Error in model $ coefficients [, 1]: incorrect number of dimensions
Upvotes: 2
Views: 209
Reputation: 46898
Regarding your original code, you mixed up model and model.sum. You need to get the coefficients of summary(model) when you slot in coefficients, error, etc.
See below:
for(i in 1:nboots){
boot.samp <- iris[sample(nrow(iris),size = 100, replace = TRUE,), ]
model <- lm(boot.samp$Sepal.Length ~ .,boot.samp)
model.sum <- summary(model)
boot.r.squared[i] <- model.sum$r.squared
stat <- model.sum$fstatistic
boot.p_model[i] <- pf(stat[1], stat[2], stat[3], lower.tail = FALSE)
# this is the part where you need to use model.sum
boot.coef_estimate[i, 1:length(model$coefficients)] <- model.sum$coefficients[,1]
boot.coef_error[i, 1:length(model$coefficients)] <- model.sum$coefficients[,2]
boot.coef_t[i, 1:length(model$coefficients)] <- model.sum$coefficients[,3]
boot.coef_p[i, 1:length(model$coefficients)] <- model.sum$coefficients[,4]
}
As a side comment,you want to know how variable is the estimate of the coefficient using boot. For the other statistics like r-square, p-value, interpreting these after bootstrap, is not so useful. So think about what you want to know from the bootstrap.
Also check out @jay.sf's answer, it's a much cleaner way to wrap your calculation functions..
Upvotes: 1
Reputation: 72813
Your code works for me without errors. You probably experimented with different numbers of repetitions and forgot to update the sizes of the empty objects you define before the loop, since I could reprocude your error when I changed to nboots <- 1000
.
You could do that without a for
loop and use replicate()
instead (which is basically a wrapper for lapply()
). The advantage is that it might be a little more straightforward and you won't need to define the empty objects beforehand.
The procedure is, first, to define a bootstrap function, say bootFun()
, second, the actual bootstrap using replicate()
which yields an array, and finally third, to process the data in the array into the desired matrices.
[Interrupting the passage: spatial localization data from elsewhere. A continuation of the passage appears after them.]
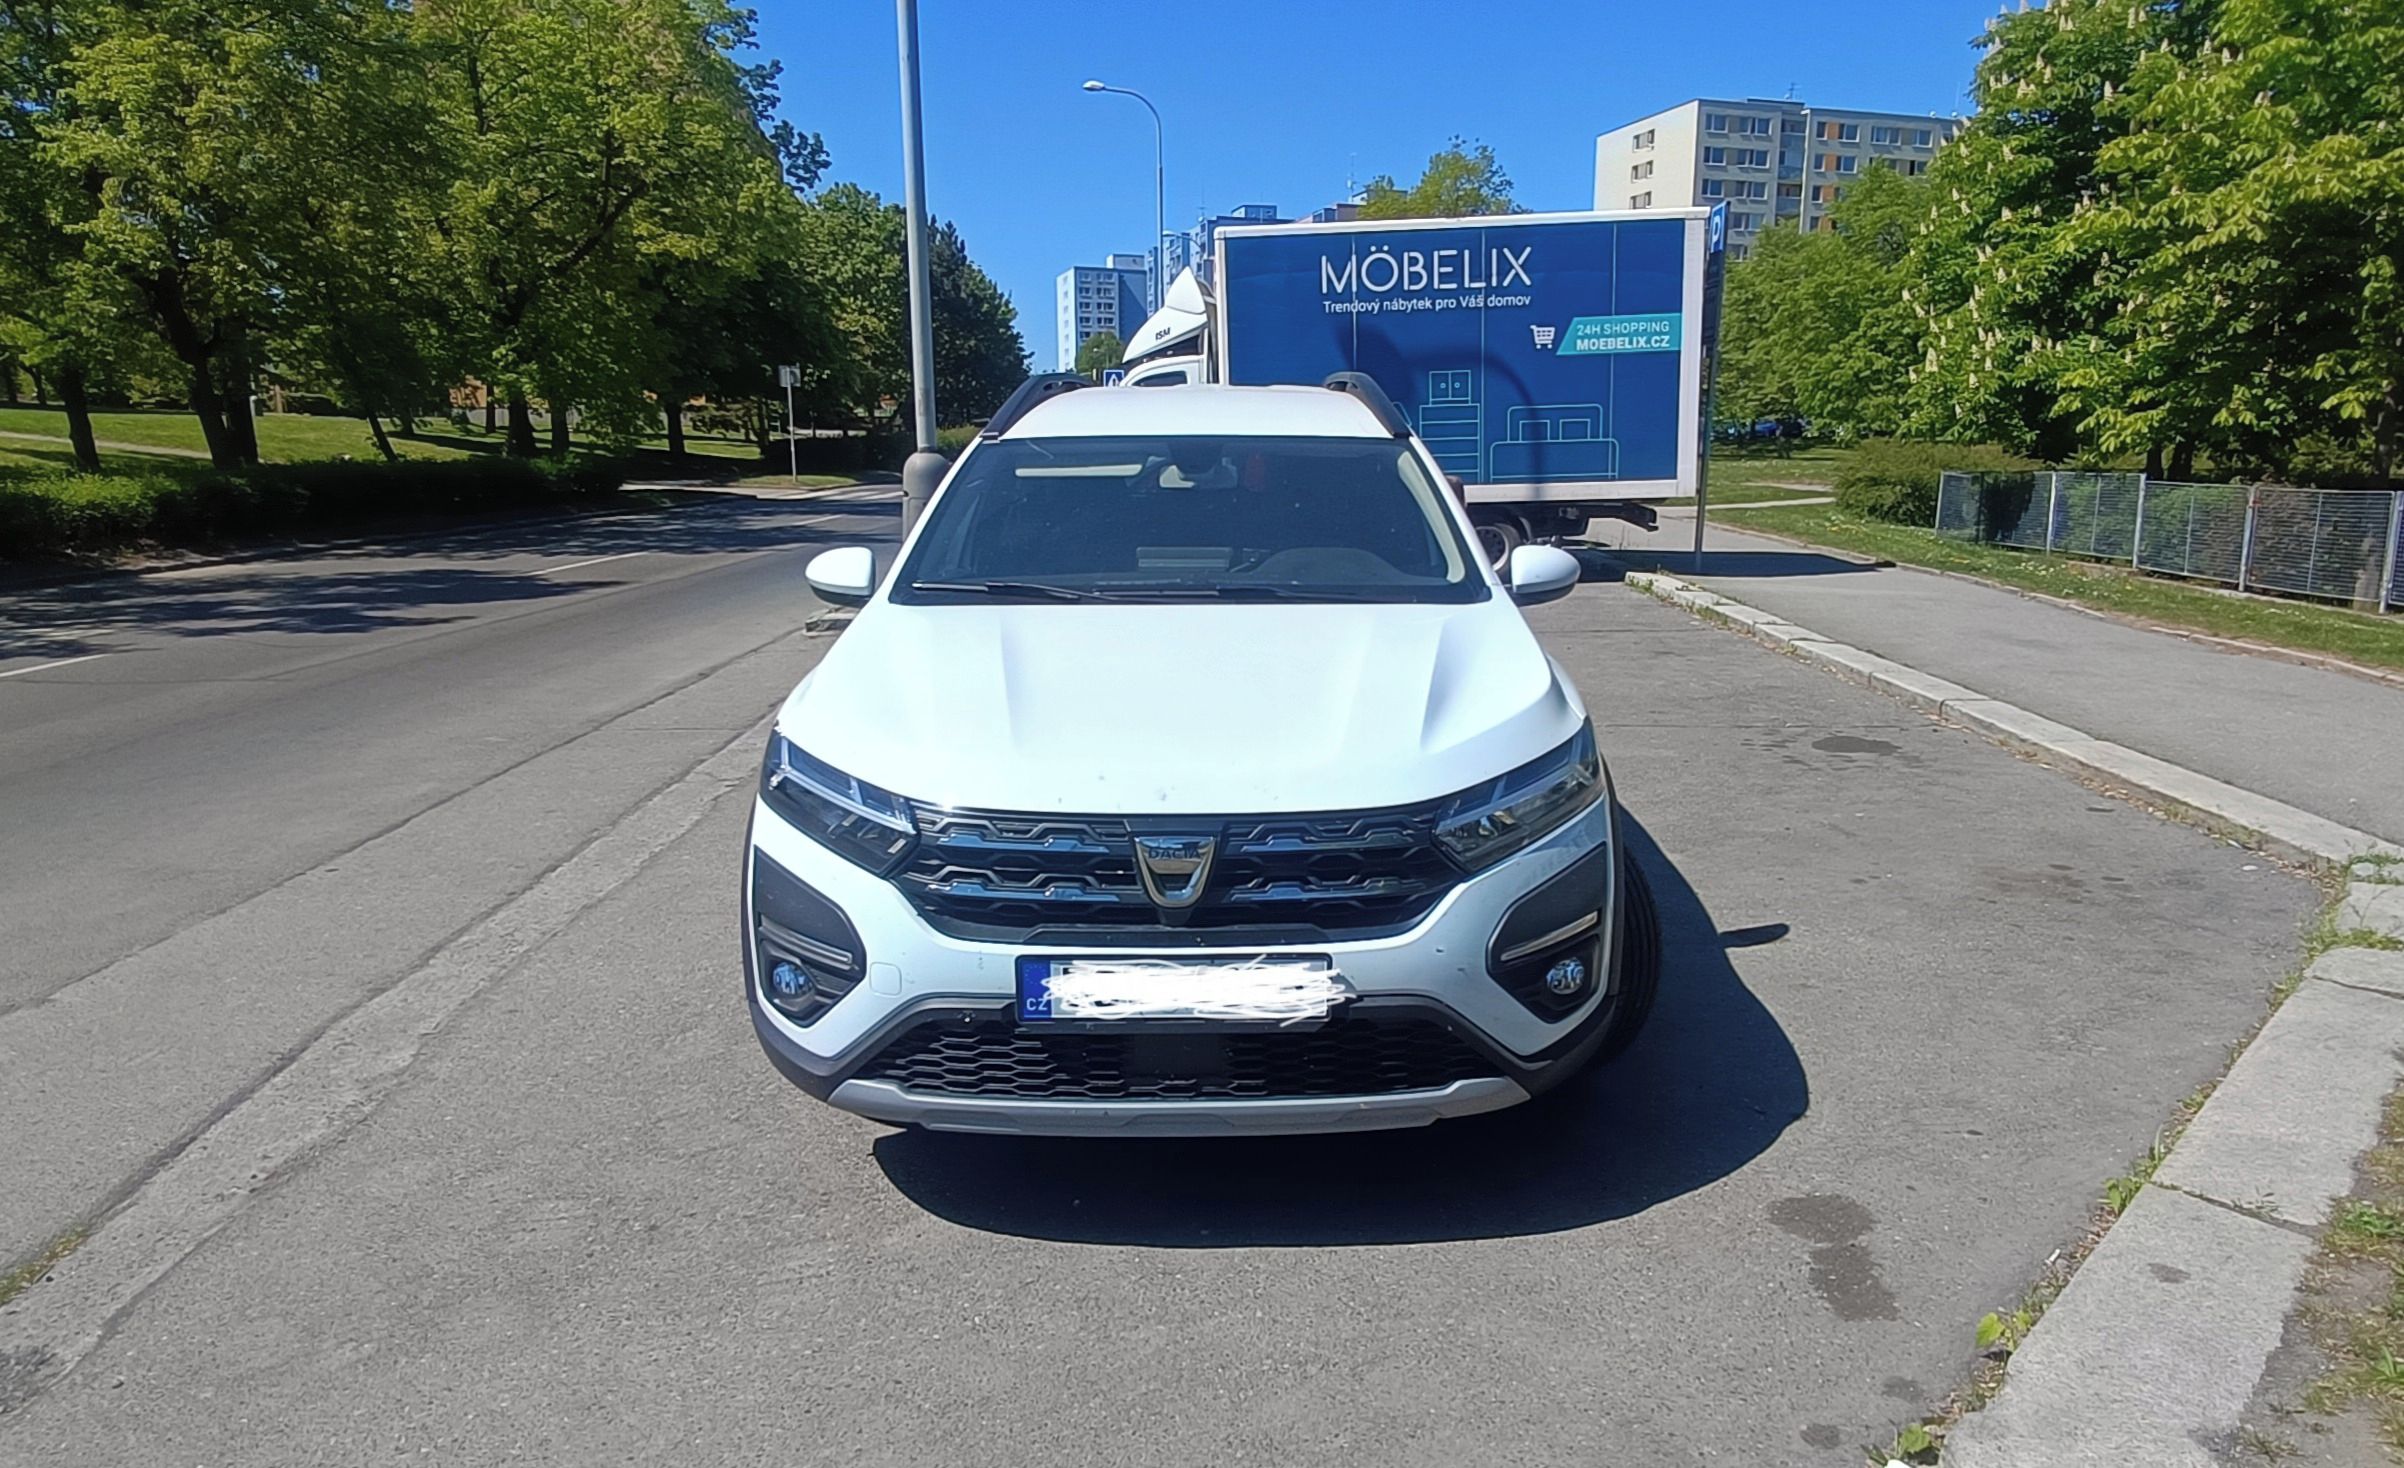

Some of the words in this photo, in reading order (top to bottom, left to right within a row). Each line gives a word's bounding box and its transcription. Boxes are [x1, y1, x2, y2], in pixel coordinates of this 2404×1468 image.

[1321, 245, 1532, 294] MÖBELIX
[1323, 299, 1380, 315] Trendový
[1383, 297, 1433, 313] nábytek
[1435, 299, 1457, 312] pro
[1459, 294, 1485, 308] Váš
[1487, 294, 1532, 308] domov
[1576, 324, 1600, 336] 24H
[1603, 321, 1670, 335] SHOPPING
[1576, 336, 1670, 351] MOEBELIX.CZ
[1148, 847, 1201, 859] DACIA
[1026, 997, 1048, 1011] CZ
# Step 1 bootstrap function
bootFun <- function(X) {
fit <- lm(Sepal.Length ~ ., data=X)
s <- summary(fit)
r2 <- s$r.squared
f <- s$fstatistic
p.f <- pf(f[1], f[2], f[3], lower.tail = FALSE)
ms <- s$coefficients
return(cbind(ms, r2, p.f))
}
# Step 2 bootstrap
nboots <- 1e2
set.seed(42) # for sake of reproducibility
A <- replicate(nboots, bootFun(iris[sample(1:nrow(iris), size=nrow(iris), replace=TRUE), ]))
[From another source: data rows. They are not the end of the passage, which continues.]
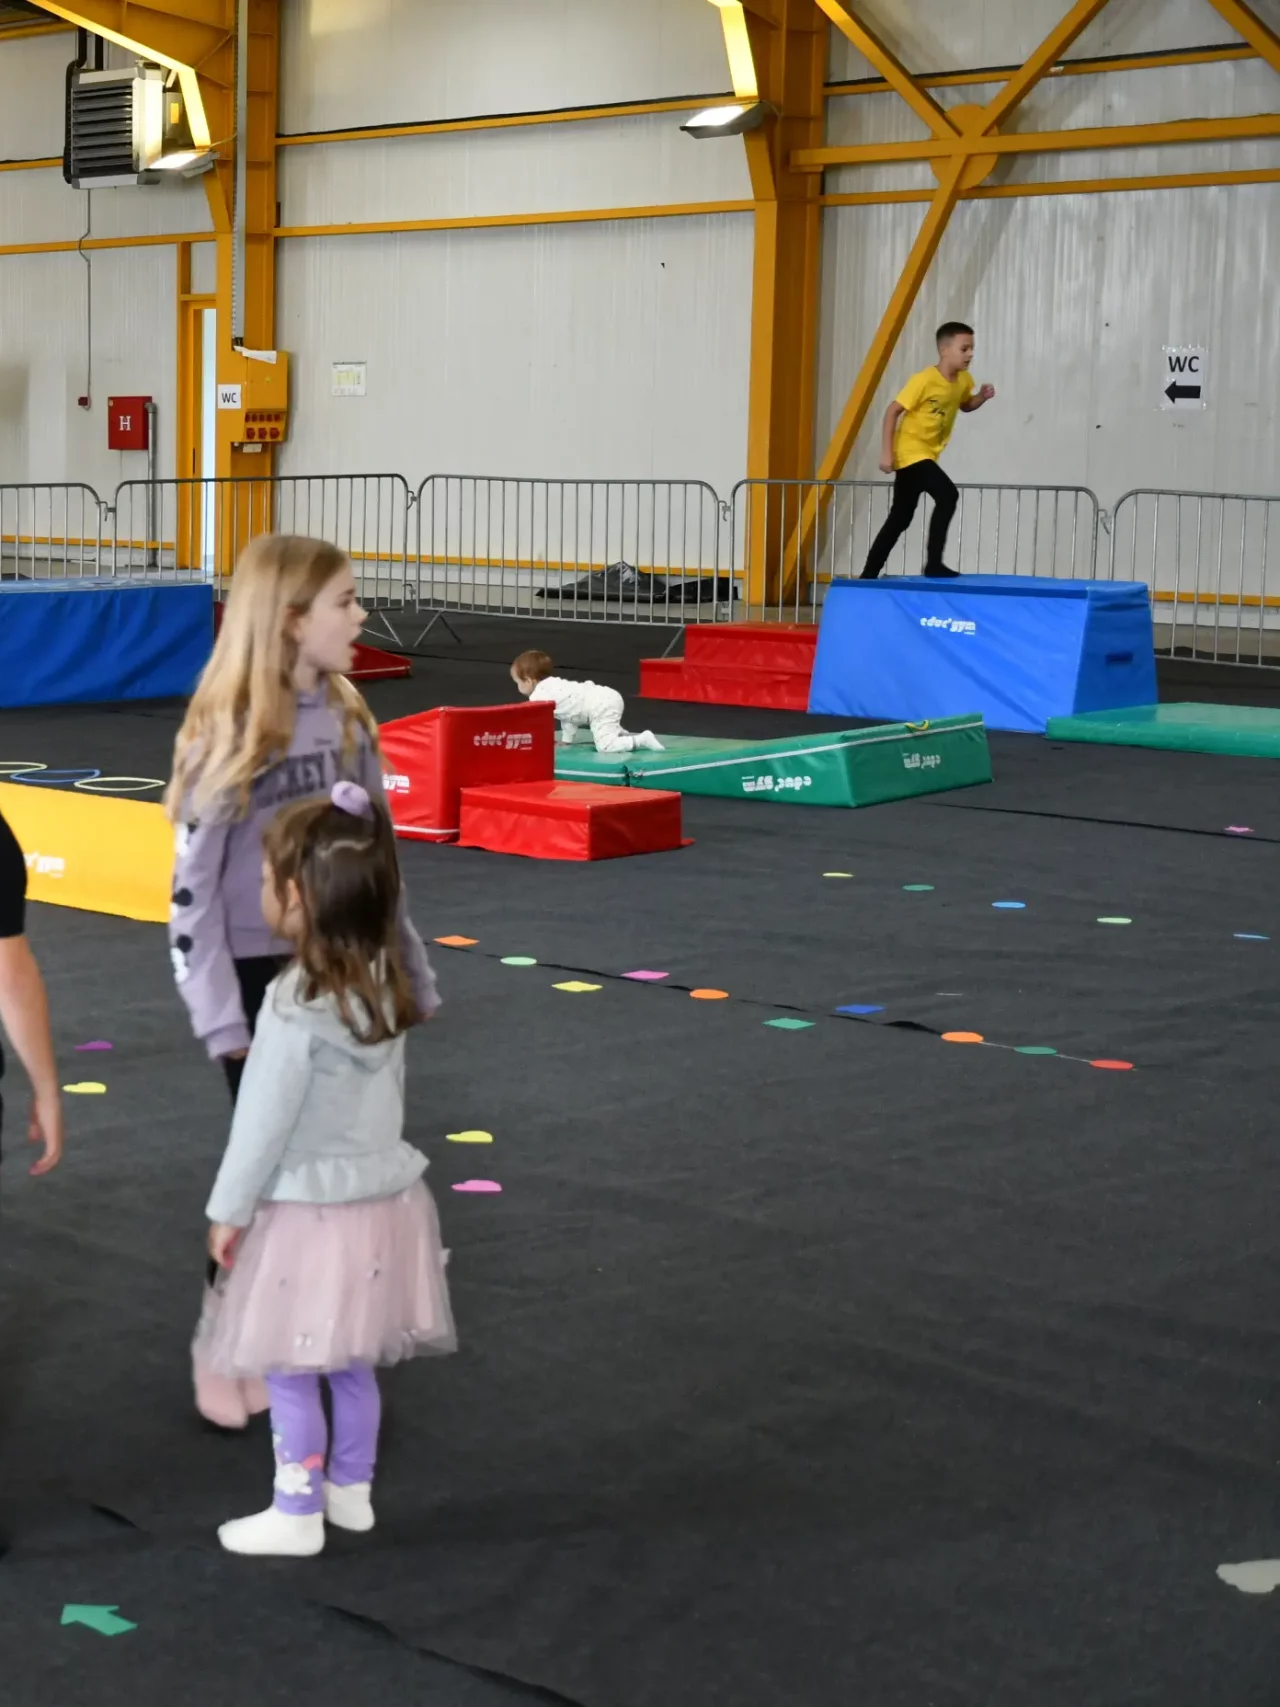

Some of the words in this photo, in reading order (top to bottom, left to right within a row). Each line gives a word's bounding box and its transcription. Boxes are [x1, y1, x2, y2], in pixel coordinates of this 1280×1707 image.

[1168, 356, 1200, 373] WC
[222, 393, 237, 403] WC
[119, 416, 131, 431] H
[920, 616, 976, 632] educ'gym
[473, 731, 532, 750] educ'gym
# Note: I used here `size=nrow(iris)`, but you also could use size=100 if this is your method
# Step 3 process array ("de-transpose" and transform to list)
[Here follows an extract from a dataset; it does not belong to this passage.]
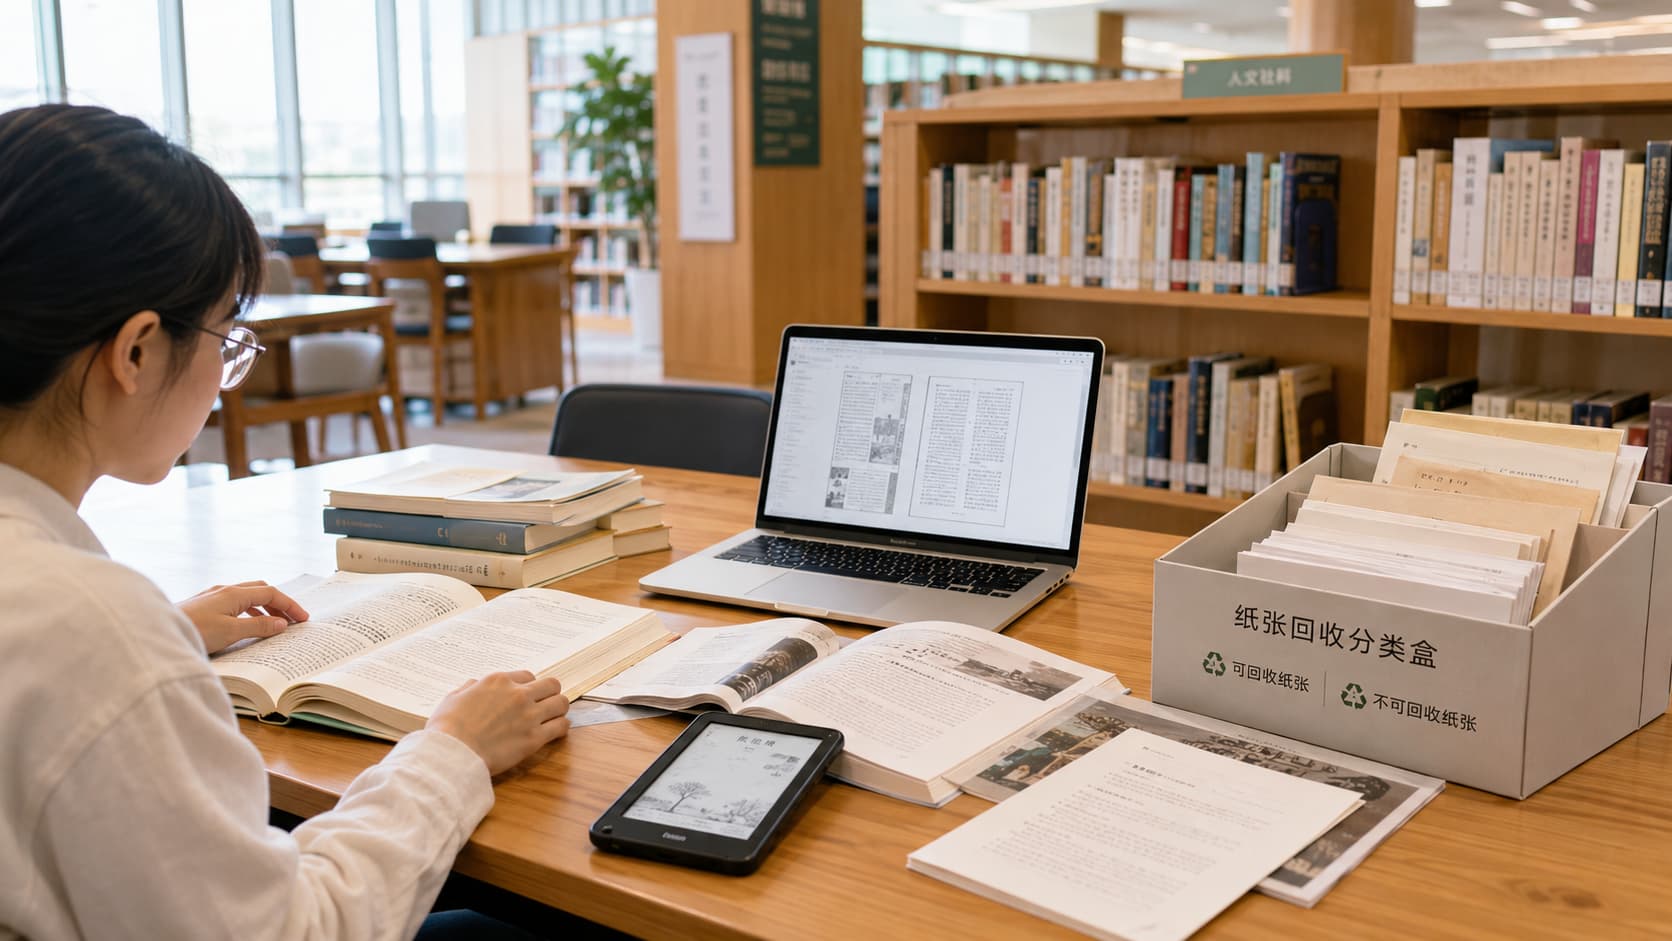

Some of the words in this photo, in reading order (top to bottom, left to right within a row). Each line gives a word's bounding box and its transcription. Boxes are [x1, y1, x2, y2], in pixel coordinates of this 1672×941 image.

[1234, 604, 1438, 669] 纸张回收分类盒
[1232, 661, 1310, 692] 可回收纸张
[1373, 693, 1478, 733] 不可回收纸张
Ap <- aperm(A, c(3, 1, 2)) # aperm() is similar to t() for matrices
Aps <- asplit(Ap, 3) # split the array into a handy list
# or in one step
Aps <- asplit(aperm(A, c(3, 1, 2)), 3)
Now you have a list containing all the matrices, look at the names of the list objects.
names(Aps)
# [1] "Estimate" "Std. Error" "t value" "Pr(>|t|)" "r2" "p.f"
So, if we e.g. want the matrix of our estimates, we simply do:
estimates <- Aps$Estimate
estimates[1:3, ]
# (Intercept) Sepal.Width Petal.Length Petal.Width
# [1,] 1.353531 0.7655760 0.8322749 -0.7775090
# [2,] 1.777431 0.6653308 0.7353491 -0.6024095
# [3,] 2.029428 0.5825554 0.6941457 -0.4795787
Note, that the F-statistics and the R2 are also matrices and duplicated in each row for every coefficient. Since you only need one, just extract e.g. the first column:
Aps$p.f[1:3, ]
# (Intercept) Sepal.Width Petal.Length Petal.Width
# [1,] 2.759019e-65 2.759019e-65 2.759019e-65 2.759019e-65
# [2,] 5.451912e-66 5.451912e-66 5.451912e-66 5.451912e-66
# [3,] 3.288712e-54 3.288712e-54 3.288712e-54 3.288712e-54
Aps$p.f[1:3, 1]
# [1] 2.759019e-65 5.451912e-66 3.288712e-54
The speed of both approaches is practically the same with a small advantage for replicate()
. Here a benchmark comparing both methods where I used nboot=1,000
replications.
# Unit: seconds
# expr min lq mean median uq max neval cld
# forloop 2.215259 2.235797 2.332234 2.381035 2.401933 2.700622 100 a
# replicate 2.218291 2.240570 2.313526 2.257905 2.400532 2.601958 100 a
Upvotes: 2